____ Material to process
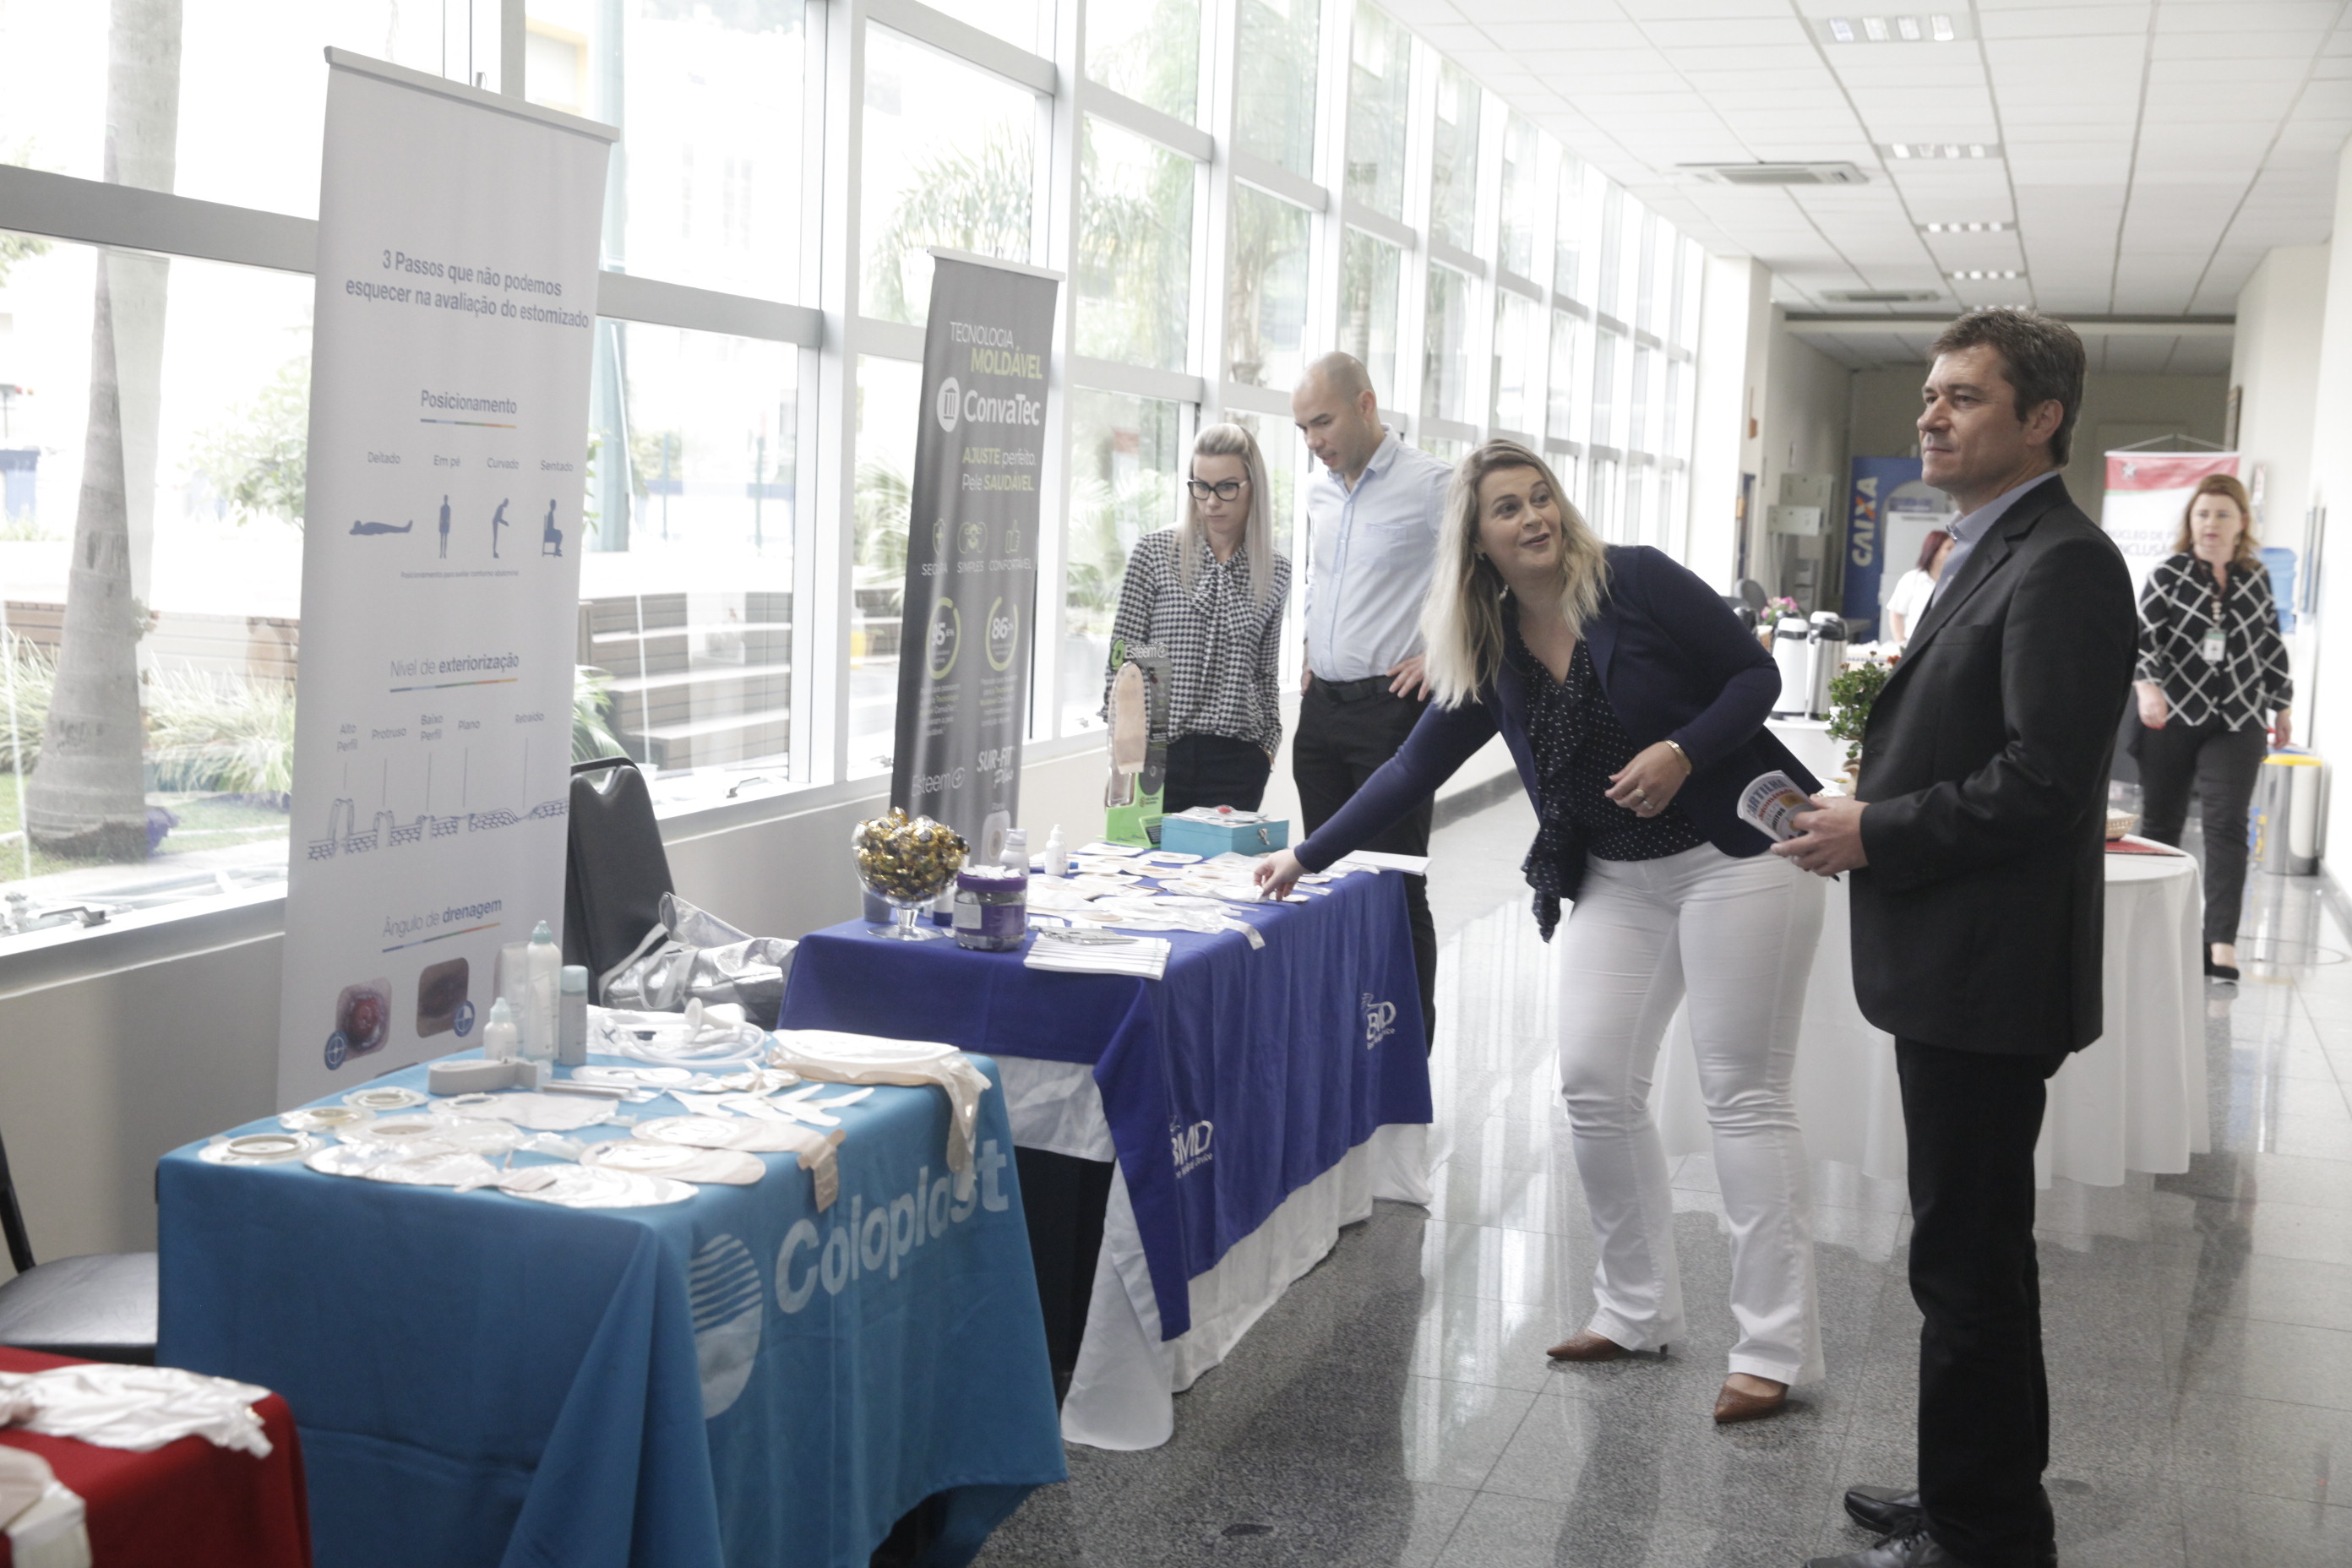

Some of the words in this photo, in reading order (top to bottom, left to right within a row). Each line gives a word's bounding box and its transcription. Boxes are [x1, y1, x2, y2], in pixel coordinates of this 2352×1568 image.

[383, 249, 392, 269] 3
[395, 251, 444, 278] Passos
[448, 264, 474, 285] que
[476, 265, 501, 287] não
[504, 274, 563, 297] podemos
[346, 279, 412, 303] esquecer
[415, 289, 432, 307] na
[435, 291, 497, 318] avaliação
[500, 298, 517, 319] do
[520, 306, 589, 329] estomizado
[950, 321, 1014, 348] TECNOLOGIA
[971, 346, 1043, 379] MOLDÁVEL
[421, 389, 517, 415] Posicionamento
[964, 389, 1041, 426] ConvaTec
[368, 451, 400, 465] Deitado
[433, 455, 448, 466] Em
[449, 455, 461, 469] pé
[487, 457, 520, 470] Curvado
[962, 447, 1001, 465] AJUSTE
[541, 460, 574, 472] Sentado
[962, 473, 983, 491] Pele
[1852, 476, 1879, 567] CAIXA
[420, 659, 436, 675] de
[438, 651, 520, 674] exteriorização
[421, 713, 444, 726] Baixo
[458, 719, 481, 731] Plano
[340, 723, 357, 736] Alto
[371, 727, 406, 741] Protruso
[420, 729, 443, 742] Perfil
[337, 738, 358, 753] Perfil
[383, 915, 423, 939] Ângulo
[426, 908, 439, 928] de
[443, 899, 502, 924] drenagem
________
• What you have to do
Transcribe the records above exactly, omitting every picture they contain.

• Reply to the task
Some of the words in this photo, in reading order (top to bottom, left to right within a row). Each line gives a word's bounding box and its transcription. Boxes are [x1, y1, x2, y2], in pixel coordinates of this 2352×1568 image.

[383, 249, 392, 269] 3
[395, 251, 444, 278] Passos
[448, 264, 474, 285] que
[476, 265, 501, 287] não
[504, 274, 563, 297] podemos
[346, 279, 412, 303] esquecer
[415, 289, 432, 307] na
[435, 291, 497, 318] avaliação
[500, 298, 517, 319] do
[520, 306, 589, 329] estomizado
[950, 321, 1014, 348] TECNOLOGIA
[971, 346, 1043, 379] MOLDÁVEL
[421, 389, 517, 415] Posicionamento
[964, 389, 1041, 426] ConvaTec
[368, 451, 400, 465] Deitado
[433, 455, 448, 466] Em
[449, 455, 461, 469] pé
[487, 457, 520, 470] Curvado
[962, 447, 1001, 465] AJUSTE
[541, 460, 574, 472] Sentado
[962, 473, 983, 491] Pele
[1852, 476, 1879, 567] CAIXA
[420, 659, 436, 675] de
[438, 651, 520, 674] exteriorização
[421, 713, 444, 726] Baixo
[458, 719, 481, 731] Plano
[340, 723, 357, 736] Alto
[371, 727, 406, 741] Protruso
[420, 729, 443, 742] Perfil
[337, 738, 358, 753] Perfil
[383, 915, 423, 939] Ângulo
[426, 908, 439, 928] de
[443, 899, 502, 924] drenagem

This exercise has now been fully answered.